Will a TIFF be smaller than my BMP file?

Usually, yes — if you compress it. A BMP stores raw pixels, so a 1920×1080 24-bit image lands around 6 MB. The same image as an LZW or Deflate TIFF is smaller while staying lossless, because those schemes pack the identical pixels more efficiently. If you pick None (uncompressed) the TIFF will be roughly the same size as the BMP.

Is a .tif file different from a .tiff file?

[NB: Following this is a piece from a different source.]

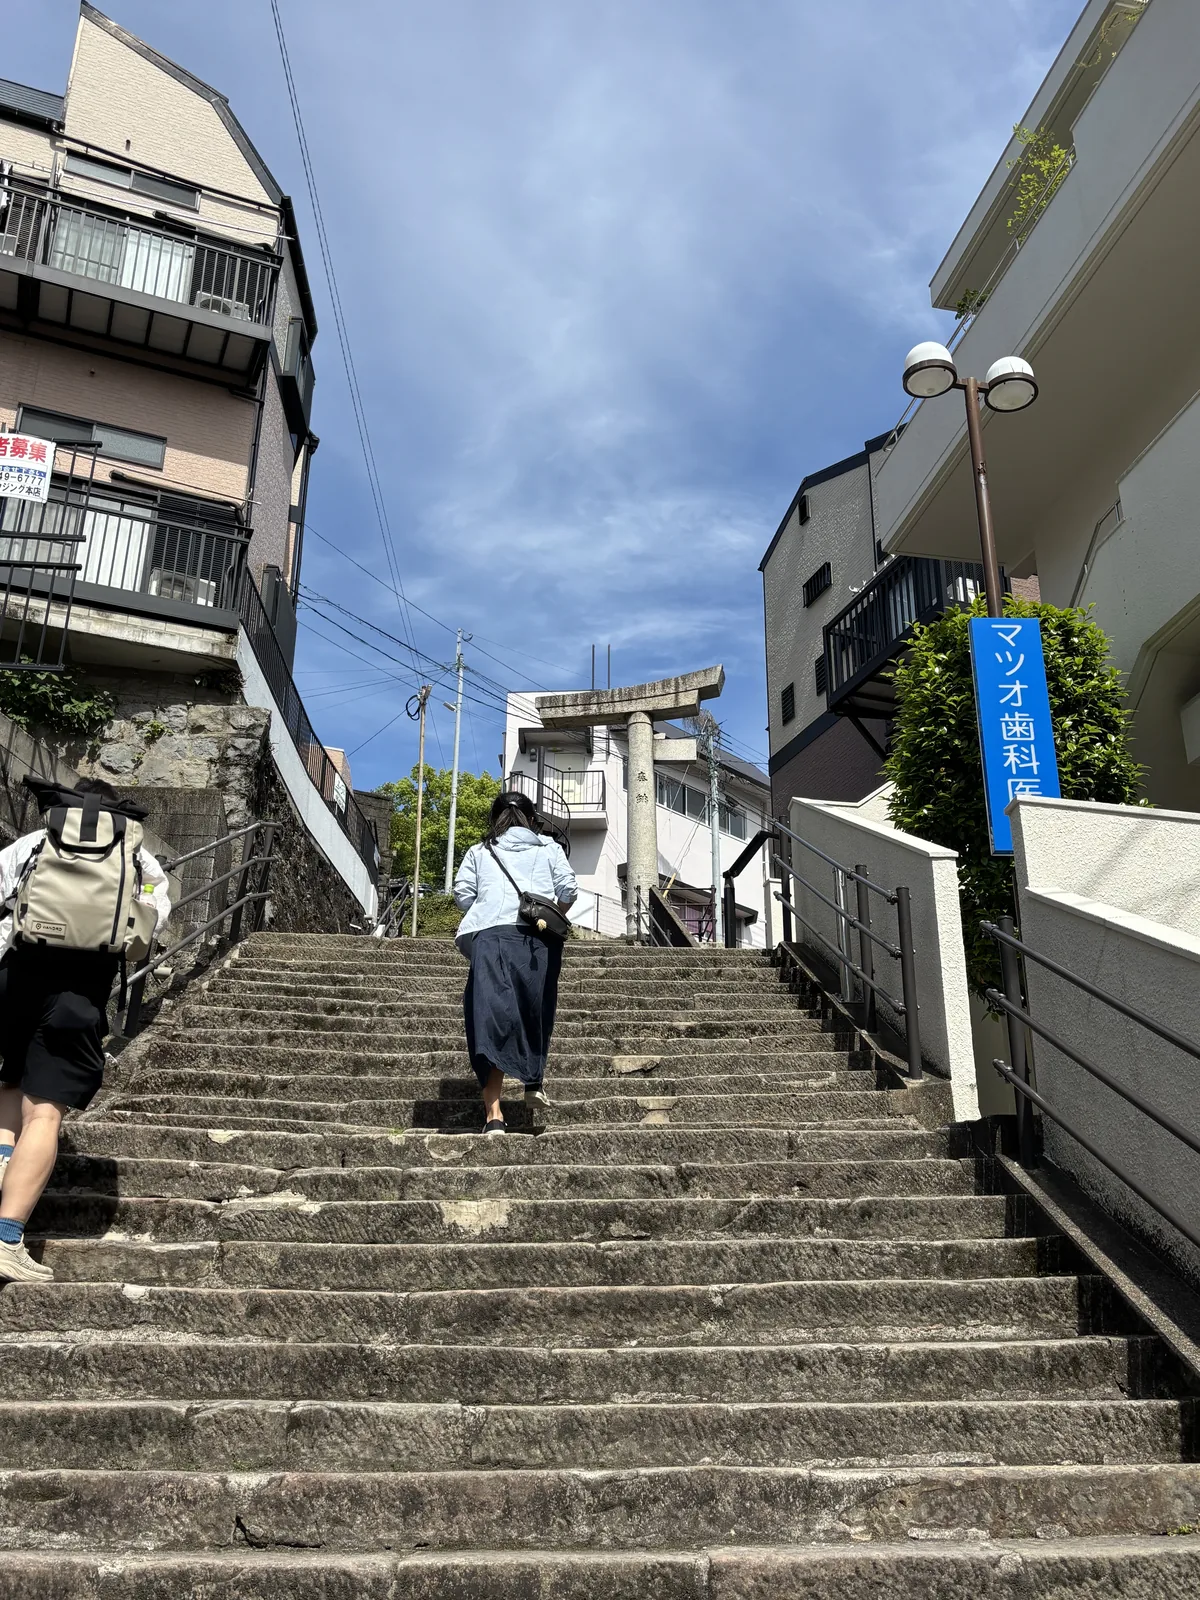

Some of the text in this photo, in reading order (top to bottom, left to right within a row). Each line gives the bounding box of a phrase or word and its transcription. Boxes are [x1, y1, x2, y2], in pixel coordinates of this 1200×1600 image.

[0, 482, 42, 496] ジング本店
[991, 624, 1043, 799] マツオ歯科医
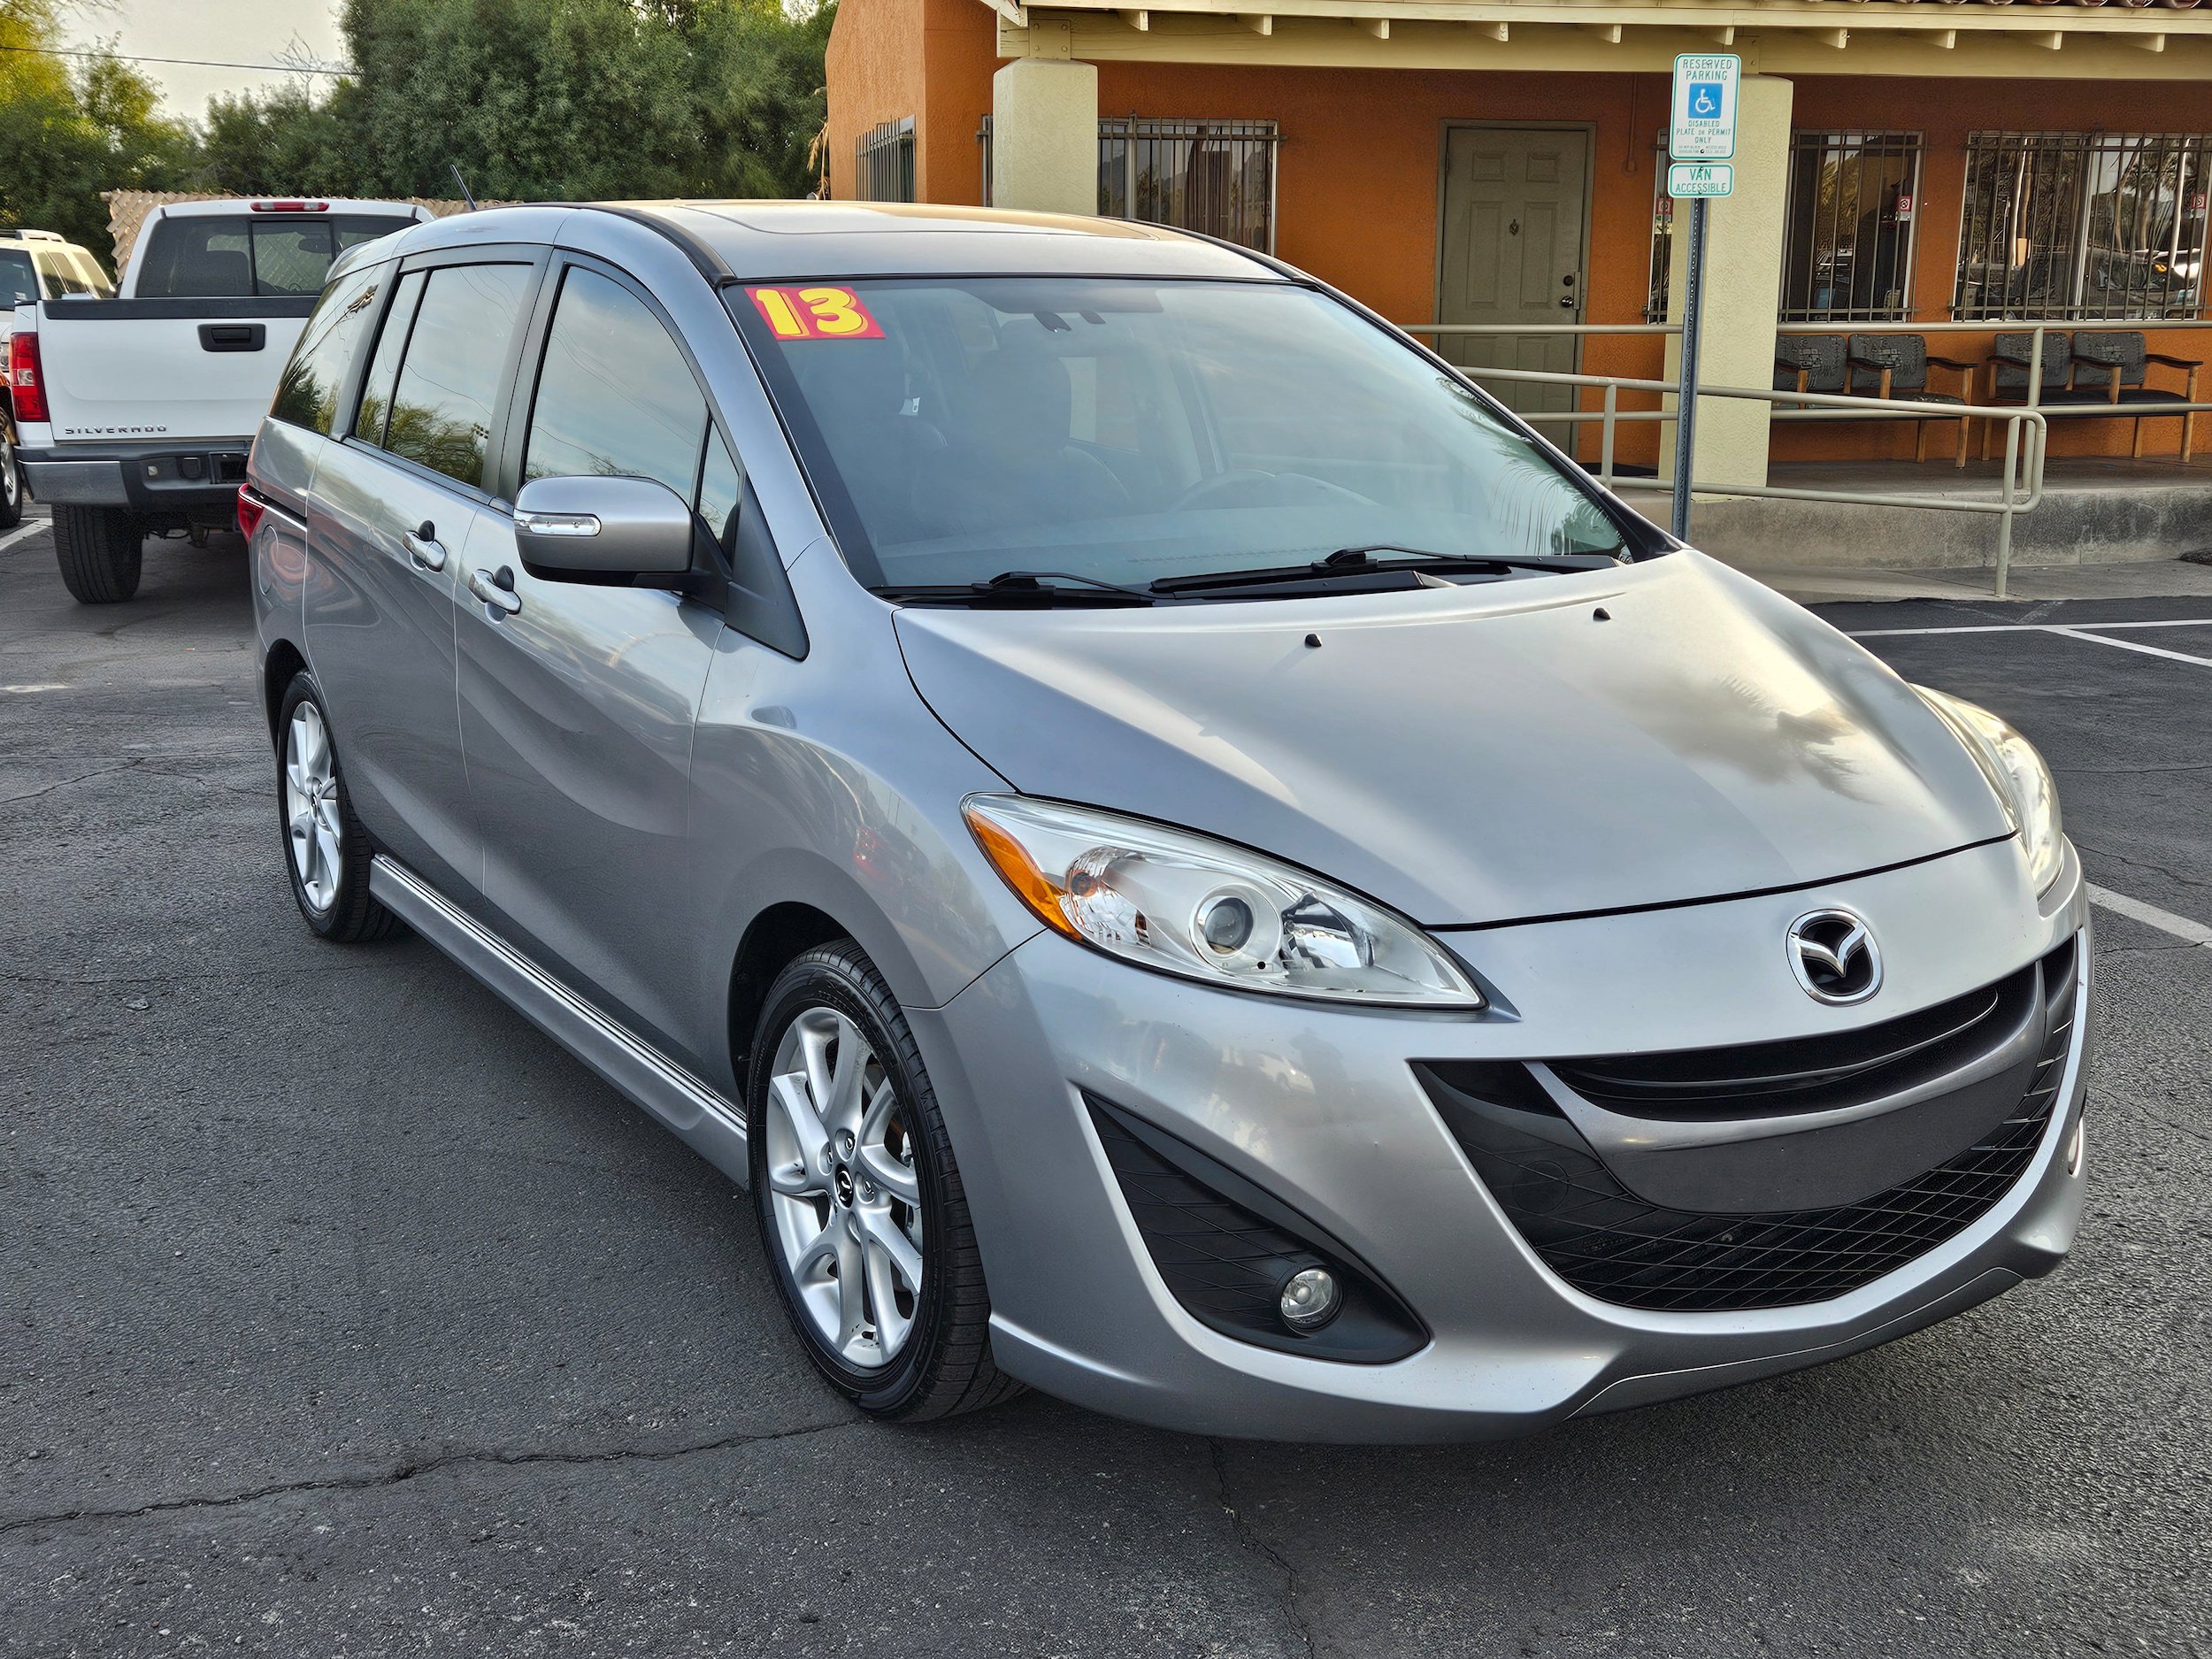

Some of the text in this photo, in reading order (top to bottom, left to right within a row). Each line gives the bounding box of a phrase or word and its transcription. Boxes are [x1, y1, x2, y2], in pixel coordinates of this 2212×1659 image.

No. .tif and .tiff are two spellings of the same Tagged Image File Format, and the bytes inside are identical. The three-letter .tif survives from MS-DOS and early Windows, which limited extensions to three characters under the 8.3 filename rule. This tool exposes a TIFF / TIF toggle so you can match whatever your other software expects; the BMP to TIF page is the same conversion under that name.

Does TIFF preserve more detail than the original BMP?

No — it preserves exactly what the BMP holds, no more. A typical BMP is 8 bits per channel; TIFF can carry up to 16 bits per channel, but converting an 8-bit BMP does not create bit depth that was never captured. You get a faithful, re-editable copy in a format built for print and archival, not a sharper or deeper image. In our testing, an LZW TIFF made from a 1920×1080 24-bit BMP matched the source pixel-for-pixel while taking up less disk space than the uncompressed bitmap.

How are my files handled, and how long are they kept?

Your file is uploaded over an encrypted connection, processed on our servers, and deleted automatically a few hours after conversion — no sign-up, no watermark, never shared or made public.